Because this time I think the combination of drugs physio and hard work on my part aswell as the doctors and physios is nearly perfect provided it keeps working till the end of the planned two week treatment

Why do I think it's the right combination and working as best as it could?

Easy to explain

We are monitored in many different ways but importantly we are measured by our physical abilities or lack of it to start with and how we then progress over the two weeks
This can be seen in our gym work but more obviously by our lung function tests

On Monday when I arrived I was tired and my lung function was 2.1 fev1 and 3.3 overall capacity
Or in percentage terms about 60%

So with a theoretical plan in place me and the staff set to work

Gym started slow on Tuesday I could only 20 minutes total 10 on cross trainer 10 on bike both at low pace
And physio was producing bucket fills of phlegm

Well in short it's now Thursday

And today the phlegm production is starting to be easier to get off my chest and more importantly the quantity is becoming less

And the pseudo is no longer growing so far as the test results show

I've had my vitamin tests done and tomorrow will know the results a will also being doing lung function to see if I'm improving

Now I may be optimistic but I'm sure everything's improved

Firstly I've been shoving in vitamin supplements life my life depends on it (which in actual fact it sort of does)

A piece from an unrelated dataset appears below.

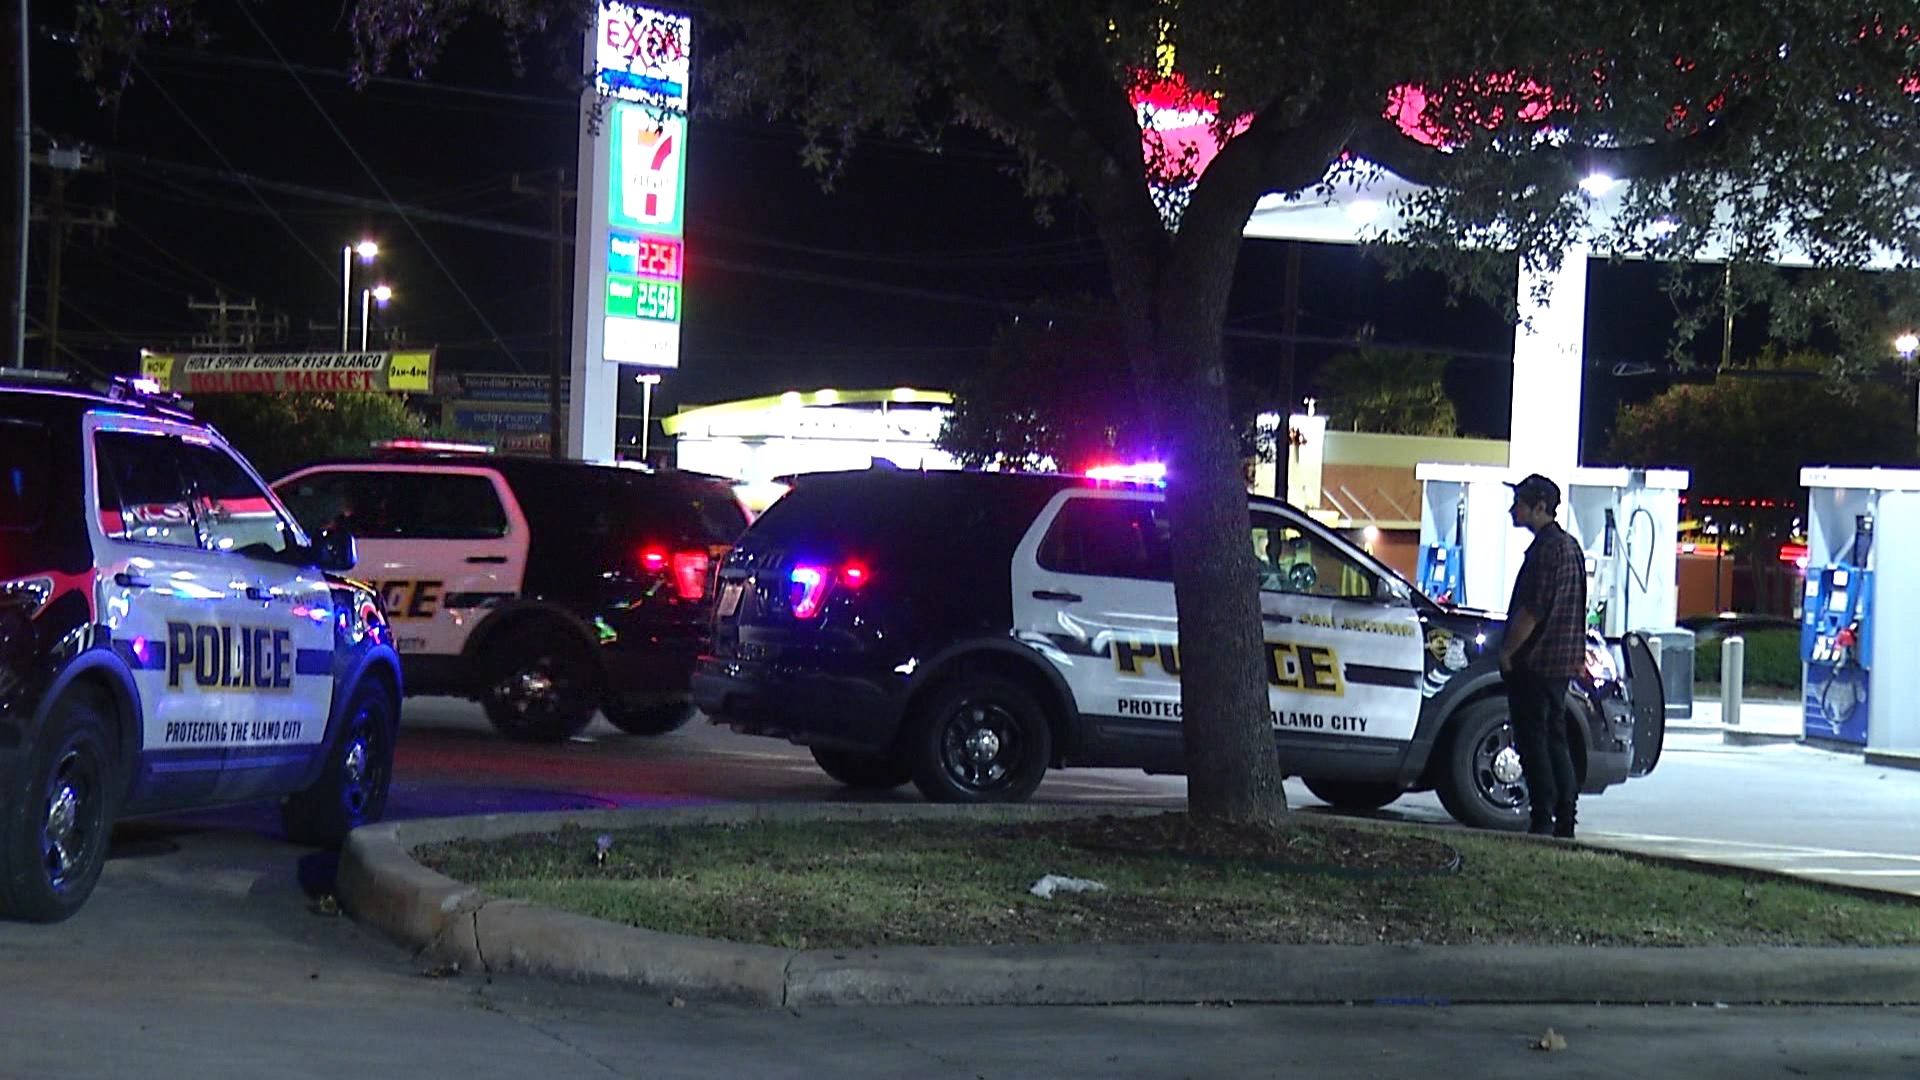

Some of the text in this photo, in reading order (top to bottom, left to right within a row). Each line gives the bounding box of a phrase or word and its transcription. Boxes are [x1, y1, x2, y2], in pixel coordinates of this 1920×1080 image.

Secondly I've put some damn hard work in

Physio I've been doing all the time just trying to move phlegm, get out every drop that I possibly can always trying to feel where it is a cough it up, I've relentlessly done nebulisers trying to aid more phlegm movement
I've just not stopped
But thirdly and most importantly

In the gym I've pushed like no one else is doing here like nothing else matters but to push and get the miles in

Today feels like my finest achievement

I did one solid hour of cardio work non stop and totally pushed

To the point I thought I couldn't even get off the bike not that I let my physio see that

I covered 12 miles in total something I've not managed in a year but in four days of real hurt for me and a new motivation I've pushed to get better

In total I did 30 minutes 3 miles on the cross trainer and 30 minutes 9 miles on the bike

I cannot describe to you all how good it has made me feel how relieved I was to see how hard work and not giving up can make me feel

And I want more

Tomorrow I will push more I want more distance more air in my lungs.

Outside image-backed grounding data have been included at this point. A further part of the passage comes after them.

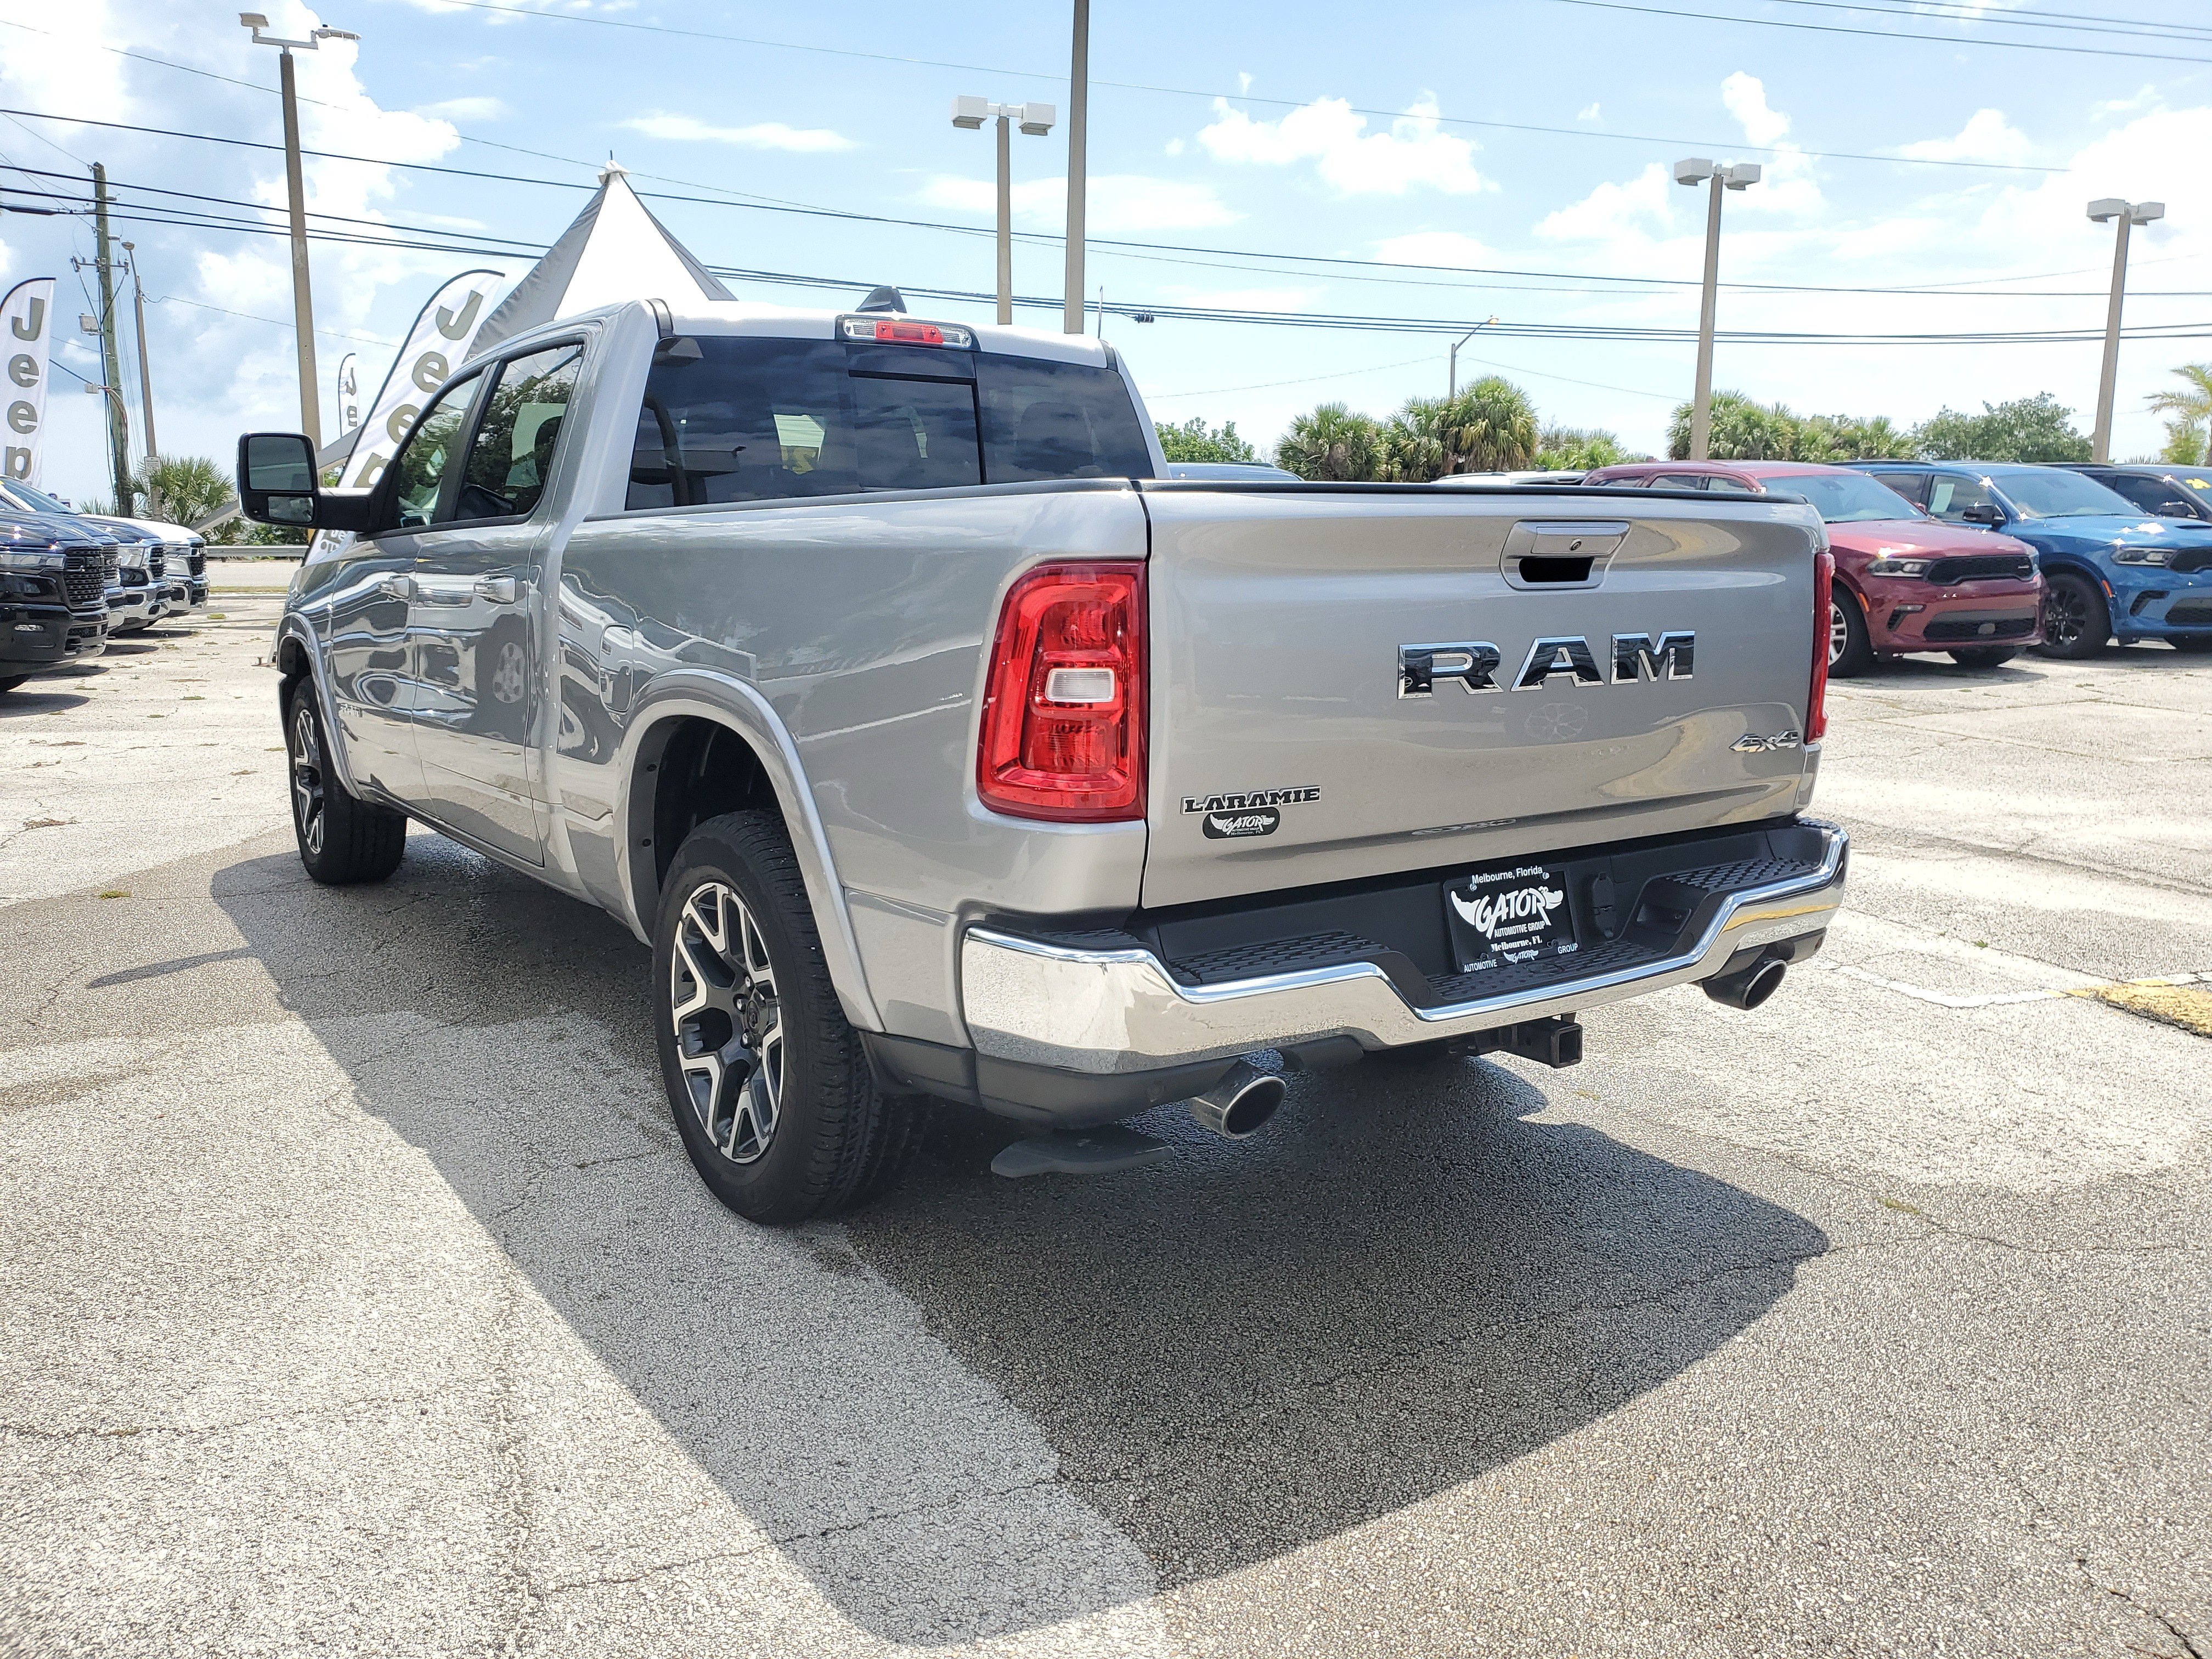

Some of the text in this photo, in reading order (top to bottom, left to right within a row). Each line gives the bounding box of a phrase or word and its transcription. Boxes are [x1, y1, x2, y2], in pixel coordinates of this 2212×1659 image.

[5, 297, 45, 480] Jeep
[1397, 630, 1696, 700] RAM
[1729, 730, 1799, 753] 4x4
[1180, 785, 1322, 815] LARAMIE
[1222, 815, 1264, 836] GATOR
[1471, 865, 1543, 885] Melbourne, Florida
[1475, 888, 1551, 940] GATOR
[1494, 921, 1545, 938] AUTOMOTIVE GROUP
[1491, 935, 1543, 952] Melbourne, FL
[1464, 943, 1578, 973] AUTOMOTIVE GATOR GROUP

I feel great and even if my lungs have only improved a tiny bit in my tests tomorrow I feel I've pushed a barrier over I've leapt a wall and now I'm going to leap higher

My motivation is high my legs and lungs feel amazing and I'm going to push

Bring on the miles bring on the running shoes bring on the pain

And most importantly I feel I can now push for something I want to accomplish in 2013

BRING ON TOUGH MUDDER

I CAN DO THIS


My so called disability is only just making me want more I feel spurred on like I never have before

Who would have thought a disability could feel like a new ability

I've got another ten days of treatment and I'm going to push whatever I can

GET OUT MY WAY

Thanks for reading







Monday 3 December 2012

Blog Update, winter plans and generousity

Well as I havent wrote on here for a while I thought id have a write and a rant and my plans for the winter.


I had a hospital check up last week and surprise surprise im still ill and not my best (I knew that would be the case). I think I have found the rot cause for not being able to get better or fend any bugs or illness off.

The doctors explained that the PSuedo and staph is still growing and although the drugs were helping it was not doing as well as thought. I did sort of expect this.

The worrying bit though is about my Vitamins and the fact my levels are only at about 30% of what they should be.

This goes to explaining alot in particular the vital vitamins that control my immune system are dangerously low and I basically have no immune system at the moment hence why the drugs cant perform to their best and why im getting ill so much.

It was decided it was best for me to come into hospital and do a course of iv antibiotics and get some vitamin boosters going to help get my levels back up and then work on a plan to keep them up.
Im also going to trial some nasal sprays as it has become apparent im suffering with severe sinus problems and could be another major contributor to why im som ill so much of the time.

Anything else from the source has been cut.